*** Opening of Information provided ***
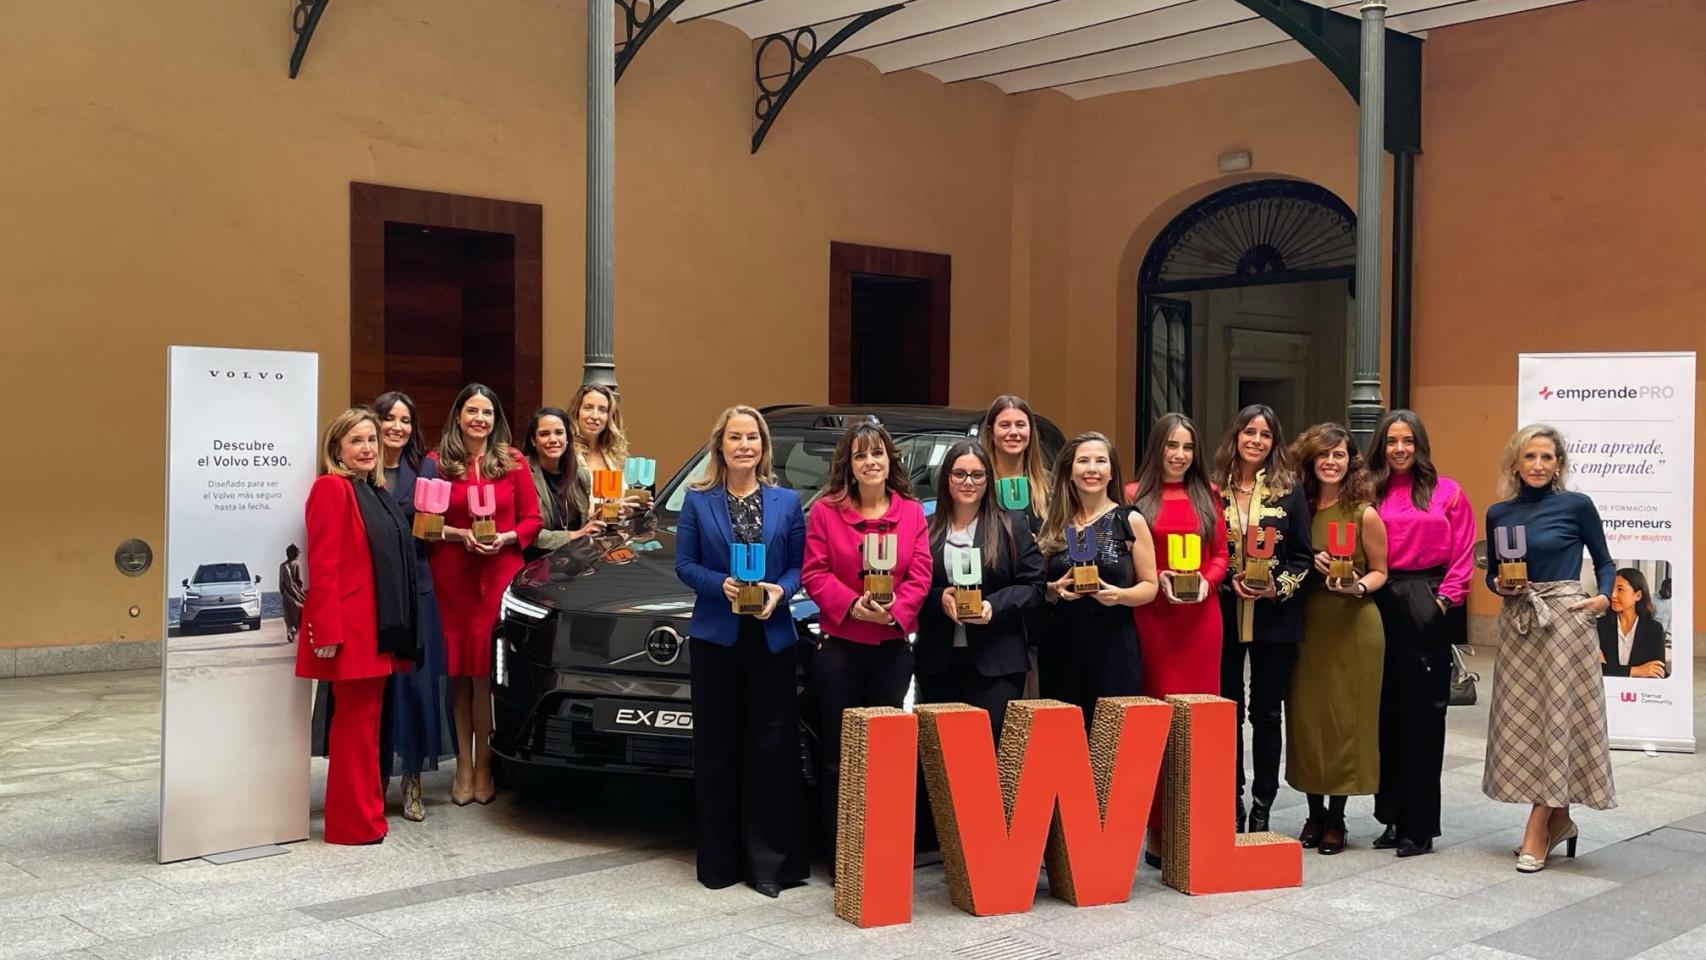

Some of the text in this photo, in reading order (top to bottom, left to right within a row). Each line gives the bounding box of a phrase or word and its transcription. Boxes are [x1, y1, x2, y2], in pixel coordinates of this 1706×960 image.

[209, 370, 284, 380] VOLVO
[213, 439, 275, 451] Descubre
[1564, 439, 1597, 454] uien
[197, 455, 292, 467] el Volvo EX90.
[208, 480, 245, 488] Diseñado
[247, 481, 265, 490] para
[203, 492, 282, 501] el Volvo más seguro
[215, 502, 271, 511] hasta la fecha.
[1601, 519, 1672, 531] mpreneurs
[834, 693, 1304, 929] IWL
*** Close of Information provided ***
* Task details
When you reach a picture, pass over it; write out all other material exactly.

* Written reply
Some of the text in this photo, in reading order (top to bottom, left to right within a row). Each line gives the bounding box of a phrase or word and its transcription. Boxes are [x1, y1, x2, y2], in pixel coordinates of this 1706×960 image.

[209, 370, 284, 380] VOLVO
[213, 439, 275, 451] Descubre
[1564, 439, 1597, 454] uien
[197, 455, 292, 467] el Volvo EX90.
[208, 480, 245, 488] Diseñado
[247, 481, 265, 490] para
[203, 492, 282, 501] el Volvo más seguro
[215, 502, 271, 511] hasta la fecha.
[1601, 519, 1672, 531] mpreneurs
[834, 693, 1304, 929] IWL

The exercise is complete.